[SPARK-57568][SQL] Support TimeType in Parquet/ORC aggregate push-down by MaxGekk · Pull Request #56846 · apache/spark

MaxGekk · 2026-06-28T14:35:14Z

What changes were proposed in this pull request?

Enable MIN/MAX/COUNT aggregate push-down over TIME columns for the Parquet and ORC data sources, computed from file-footer statistics.

Add TimeType to the MIN/MAX type allow-list in AggregatePushDownUtils.getSchemaForPushedAggregation. This is shared, engine-agnostic code called by both ParquetScanBuilder and OrcScanBuilder, so the single change enables push-down eligibility for both engines at once.
Add a TimeType case to OrcUtils.getMinMaxFromColumnStatistics. ORC stores TIME as a LONG, so its statistics are IntegerColumnStatistics; the min/max value is wrapped in a LongWritable and converted back to the Spark TimeType by OrcDeserializer.
No Parquet reader change is needed: TIME is stored as Parquet INT64, so the existing INT64 branch in ParquetUtils.createAggInternalRowFromFooter feeds the footer stat into a ParquetRowConverter built from the footer PrimitiveType, which carries the TIME(MICROS)/TIME(NANOS) logical annotation and maps to TimeType.

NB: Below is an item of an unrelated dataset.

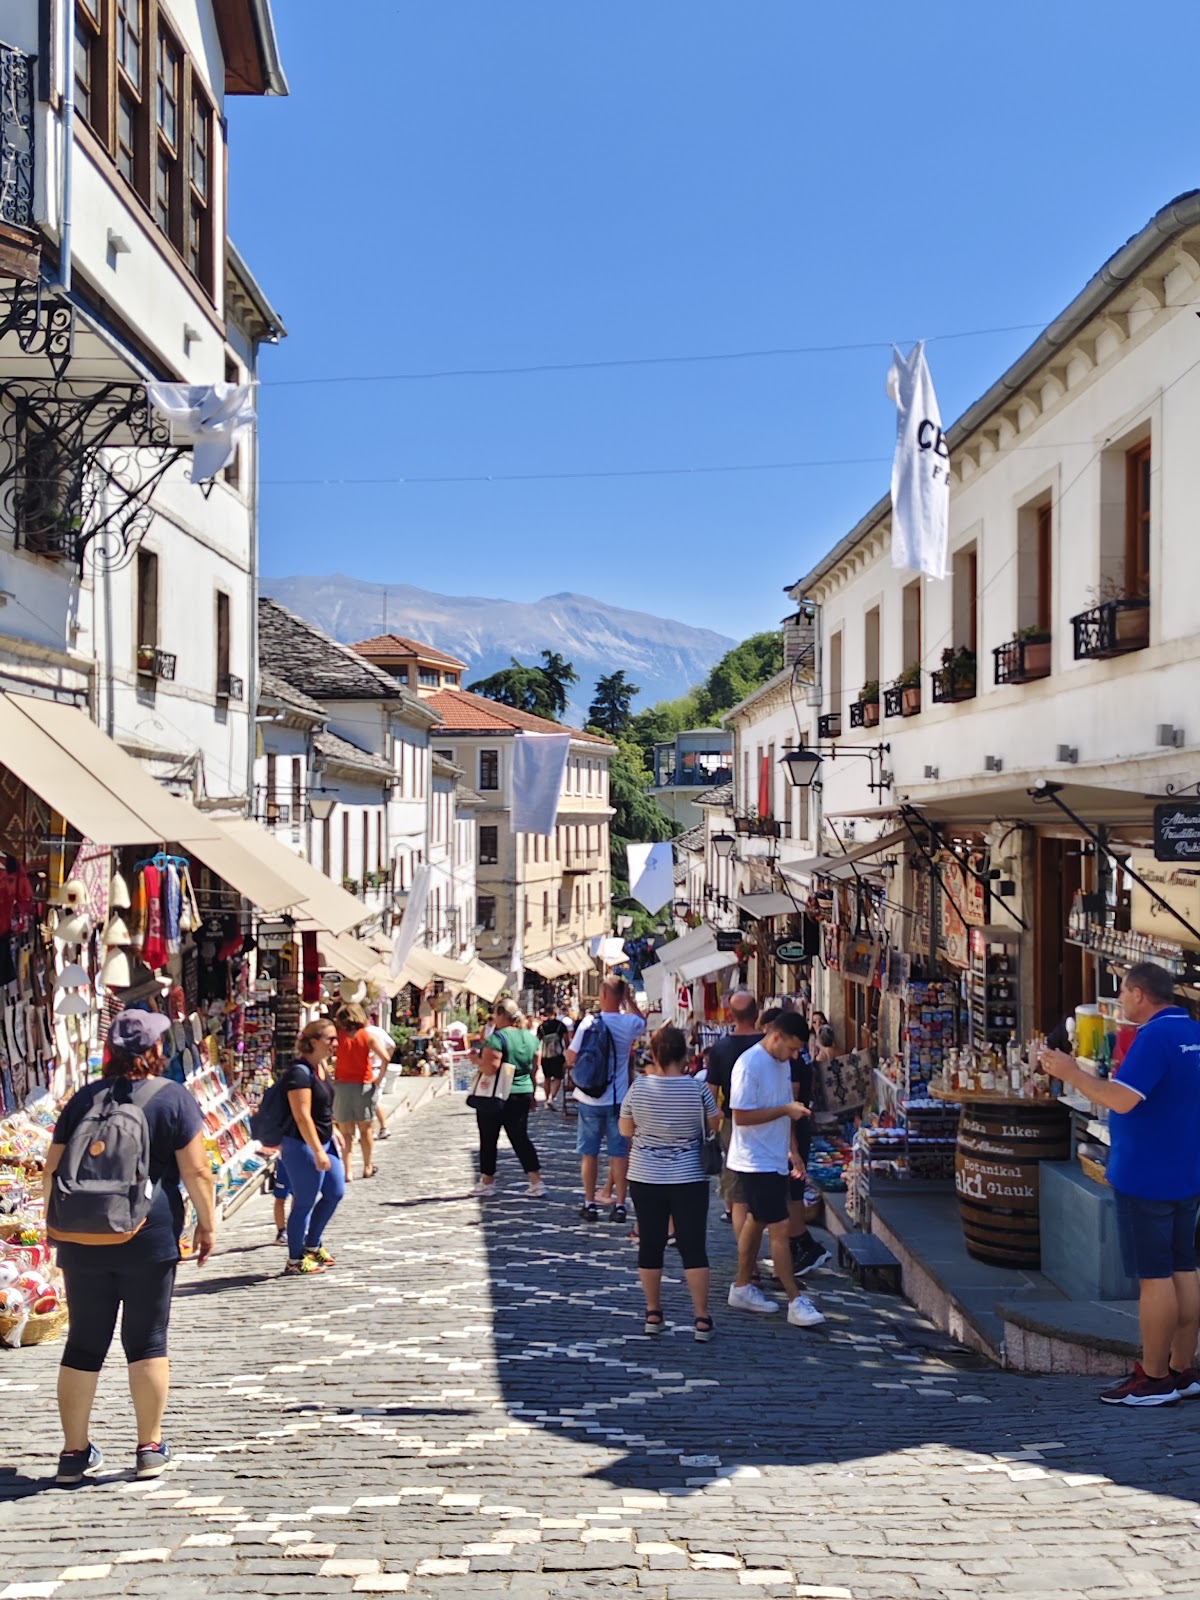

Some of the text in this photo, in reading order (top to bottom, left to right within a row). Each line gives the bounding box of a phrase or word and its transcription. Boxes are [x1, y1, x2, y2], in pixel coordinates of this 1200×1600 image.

[1001, 1125, 1040, 1138] Liker
[964, 1159, 1022, 1177] Botanikal
[987, 1181, 1034, 1197] Glauk

The columnar conversion (AggregatePushDownUtils.convertAggregatesRowToBatch via RowToColumnConverter) already supports TimeType (SPARK-54203), so the columnar path works for TIME.

Why are the changes needed?

This is a sub-task of SPARK-57550 (extending support for the TIME data type). Aggregate push-down lets Parquet/ORC answer MIN/MAX/COUNT from footer statistics without reading and aggregating TIME data at the Spark layer.

Does this PR introduce any user-facing change?

No. This is an internal optimization on the aggregate push-down path; query results are unchanged.

How was this patch tested?

Added tests to the shared FileSourceAggregatePushDownSuite trait, which is extended by ParquetV1/V2AggregatePushDownSuite and OrcV1/V2AggregatePushDownSuite, so each test exercises all four engines:

Positive: MIN/MAX/COUNT(col)/COUNT(*) push-down over a TIME column at precisions 0, 6, 7, and 9, covering both the Parquet micros (precision <= 6) and nanos (precision >= 7) storage paths, with a null row so COUNT(col) and COUNT(*) differ.
Negative: a data filter on the TIME column, an aggregate over a non-column expression, and push-down disabled by config -- all asserting the aggregate is not pushed.

Ran:

build/sbt 'sql/testOnly *ParquetV1AggregatePushDownSuite *ParquetV2AggregatePushDownSuite *OrcV1AggregatePushDownSuite *OrcV2AggregatePushDownSuite'

All 92 tests pass.

Was this patch authored or co-authored using generative AI tooling?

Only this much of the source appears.